Maraini's interest in the difficulties of female communication, particularly in a medium that has excluded women, and her attempt to reconstruct the processes of creation involved in male representation of female characters are natural developments of a journey that began a long time ago. Early in her development as a writer, Maraini realized that in order to change the condition of women politically, socially, and culturally, one should start questioning the structure of the private realm of family and the role of women within it. Her extremely focused attention to the realities of women's everyday life, historically and materially, is present in all her work, and represents her most original

contribution to the life of Italian feminism.

 

The contemporary Italian feminist movement began at the end of the 1960's, but its roots lead back to women's labor struggles in the nineteenth century. Distinct from American feminism, which was more concerned with the primacy of individual rights, the Italian movement was always involved with political parties or labor unions, of which women were frequently a part, and has always seen women's individual rights as inseparable from collective political struggle. From the period between the two world wars, through the struggle waged by the Partisans (the antifascist underground), through the postwar reconstruction of the country, and up until the end of the 1960's, women's movements in Italy carried on mainly within political parties of the Left. Women's political emancipation from a segregated role in the labor force and the achievement of political equality with men were the main issues for these movements, which never questioned the structure of family and private life.

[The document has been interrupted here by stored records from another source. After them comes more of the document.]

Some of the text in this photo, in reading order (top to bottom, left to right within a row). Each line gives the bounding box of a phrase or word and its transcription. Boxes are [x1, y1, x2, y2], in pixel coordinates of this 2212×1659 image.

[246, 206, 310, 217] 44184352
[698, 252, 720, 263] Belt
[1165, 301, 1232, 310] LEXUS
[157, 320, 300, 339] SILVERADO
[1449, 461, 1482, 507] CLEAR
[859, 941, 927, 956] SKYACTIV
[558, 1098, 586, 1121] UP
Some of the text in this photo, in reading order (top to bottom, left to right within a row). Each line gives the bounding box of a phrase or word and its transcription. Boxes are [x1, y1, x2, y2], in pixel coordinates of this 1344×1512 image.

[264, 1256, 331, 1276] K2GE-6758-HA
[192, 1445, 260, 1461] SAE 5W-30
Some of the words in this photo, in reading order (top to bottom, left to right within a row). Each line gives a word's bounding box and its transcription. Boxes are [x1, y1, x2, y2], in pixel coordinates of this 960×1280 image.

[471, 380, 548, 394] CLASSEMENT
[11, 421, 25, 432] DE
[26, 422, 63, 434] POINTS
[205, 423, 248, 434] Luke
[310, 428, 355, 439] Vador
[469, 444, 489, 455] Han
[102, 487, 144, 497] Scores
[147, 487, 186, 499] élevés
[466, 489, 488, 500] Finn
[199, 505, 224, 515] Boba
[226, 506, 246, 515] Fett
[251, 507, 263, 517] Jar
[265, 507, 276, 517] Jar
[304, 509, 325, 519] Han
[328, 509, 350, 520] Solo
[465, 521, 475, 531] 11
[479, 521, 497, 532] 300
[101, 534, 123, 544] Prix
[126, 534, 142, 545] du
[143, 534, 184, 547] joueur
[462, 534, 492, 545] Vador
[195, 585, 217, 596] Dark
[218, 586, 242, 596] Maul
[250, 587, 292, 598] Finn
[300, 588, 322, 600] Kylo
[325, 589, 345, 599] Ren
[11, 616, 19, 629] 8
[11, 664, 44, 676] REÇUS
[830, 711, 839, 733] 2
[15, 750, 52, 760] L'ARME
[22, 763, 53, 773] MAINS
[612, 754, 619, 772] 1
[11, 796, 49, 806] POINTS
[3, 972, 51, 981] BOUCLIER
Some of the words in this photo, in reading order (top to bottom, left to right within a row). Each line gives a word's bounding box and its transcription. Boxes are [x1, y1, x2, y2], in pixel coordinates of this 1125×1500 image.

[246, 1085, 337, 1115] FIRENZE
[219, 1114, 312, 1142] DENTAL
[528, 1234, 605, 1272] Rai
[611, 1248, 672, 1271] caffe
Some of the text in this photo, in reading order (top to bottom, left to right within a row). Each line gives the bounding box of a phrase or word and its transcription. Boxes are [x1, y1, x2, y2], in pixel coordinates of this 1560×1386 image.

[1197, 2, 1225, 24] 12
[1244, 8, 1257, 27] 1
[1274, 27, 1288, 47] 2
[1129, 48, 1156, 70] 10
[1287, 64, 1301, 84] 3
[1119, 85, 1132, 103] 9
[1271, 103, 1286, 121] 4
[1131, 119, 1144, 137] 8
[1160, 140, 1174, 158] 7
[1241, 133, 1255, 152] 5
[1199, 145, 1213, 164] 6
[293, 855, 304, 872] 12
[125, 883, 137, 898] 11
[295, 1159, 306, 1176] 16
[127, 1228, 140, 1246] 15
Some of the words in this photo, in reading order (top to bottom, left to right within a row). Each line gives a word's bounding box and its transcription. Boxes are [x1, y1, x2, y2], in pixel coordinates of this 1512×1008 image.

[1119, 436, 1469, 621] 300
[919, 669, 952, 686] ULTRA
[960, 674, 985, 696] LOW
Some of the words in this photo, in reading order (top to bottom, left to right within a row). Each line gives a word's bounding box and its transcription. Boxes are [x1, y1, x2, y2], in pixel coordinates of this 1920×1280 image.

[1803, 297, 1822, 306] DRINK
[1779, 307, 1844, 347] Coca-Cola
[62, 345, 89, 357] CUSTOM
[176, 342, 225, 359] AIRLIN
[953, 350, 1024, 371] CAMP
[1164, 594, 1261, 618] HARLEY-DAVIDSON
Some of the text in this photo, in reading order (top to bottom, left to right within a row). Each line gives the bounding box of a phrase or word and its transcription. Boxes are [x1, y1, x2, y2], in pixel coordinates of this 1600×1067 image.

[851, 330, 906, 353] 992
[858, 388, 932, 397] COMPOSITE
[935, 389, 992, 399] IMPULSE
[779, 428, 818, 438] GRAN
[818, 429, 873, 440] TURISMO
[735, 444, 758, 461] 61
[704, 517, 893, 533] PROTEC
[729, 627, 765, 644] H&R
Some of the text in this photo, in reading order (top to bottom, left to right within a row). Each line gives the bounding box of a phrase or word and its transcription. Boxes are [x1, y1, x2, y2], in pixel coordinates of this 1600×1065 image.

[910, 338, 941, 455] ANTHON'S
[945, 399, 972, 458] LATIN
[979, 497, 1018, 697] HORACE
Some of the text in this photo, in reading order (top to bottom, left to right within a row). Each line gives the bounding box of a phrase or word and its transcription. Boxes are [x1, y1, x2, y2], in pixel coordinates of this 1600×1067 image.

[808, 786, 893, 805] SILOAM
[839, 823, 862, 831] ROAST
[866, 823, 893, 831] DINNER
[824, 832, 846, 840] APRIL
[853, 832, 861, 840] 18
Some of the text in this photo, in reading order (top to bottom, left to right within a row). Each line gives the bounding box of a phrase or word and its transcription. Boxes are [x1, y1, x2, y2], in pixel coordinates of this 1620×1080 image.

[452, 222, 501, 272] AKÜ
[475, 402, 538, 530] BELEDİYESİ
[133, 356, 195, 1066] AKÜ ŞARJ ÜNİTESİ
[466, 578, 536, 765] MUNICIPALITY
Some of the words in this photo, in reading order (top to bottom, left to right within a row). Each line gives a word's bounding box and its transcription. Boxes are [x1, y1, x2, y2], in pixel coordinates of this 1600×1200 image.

By 1968, in Italy, as in many countries in Europe and beyond, the younger generation had begun to question the authority of the ruling class as well as the patent economic and social injustice that surrounded them, demanding a more just and peaceful world. Women constituted a large number of the participants at the rallies. Students were allied with the working class and manifested their discontent in the universities, in the factories, and in the streets, with the intent of changing the status quo and fighting for a more balanced social order. The utopian slogan,

"Let's be realistic, let's ask for the impossible," which appeared in the streets of Paris in 1968, was emblematic of the political and social battles that appealed not only to the young and to poor and working-class people but also to women--all communities which had never before had access to the power needed to criticize or reform economic and social structures. For women, in particular, it had been unthinkable--and therefore impossible--before this time to even question the basis of male authority. This was true even among those activist women who, for example, had struggled for greater equality with men in the workplace through labor unions, or had worked side by side with men (or, too often, beneath

them) in the political parties of the

Left.

Now, however, women began to develop a new perspective, from which they also began to question the schizophrenic ideology and behavior of their male companions. In their public lives, these men were fighting against the old rules of the political order, while in their private relationships with women, they maintained and perpetuated the same patriarchal rules that had shaped society for centuries and determined male hegemony in Western culture and civilization. How was it possible, women wondered, to question the political realm without questioning personal behavior? How was it possible to change society without questioning chauvinistic habits and the established supremacy of one gender over another in the family as well as in the workplace? How was it possible to construct a just world without removing secular prejudices that led women to be considered second-class human beings?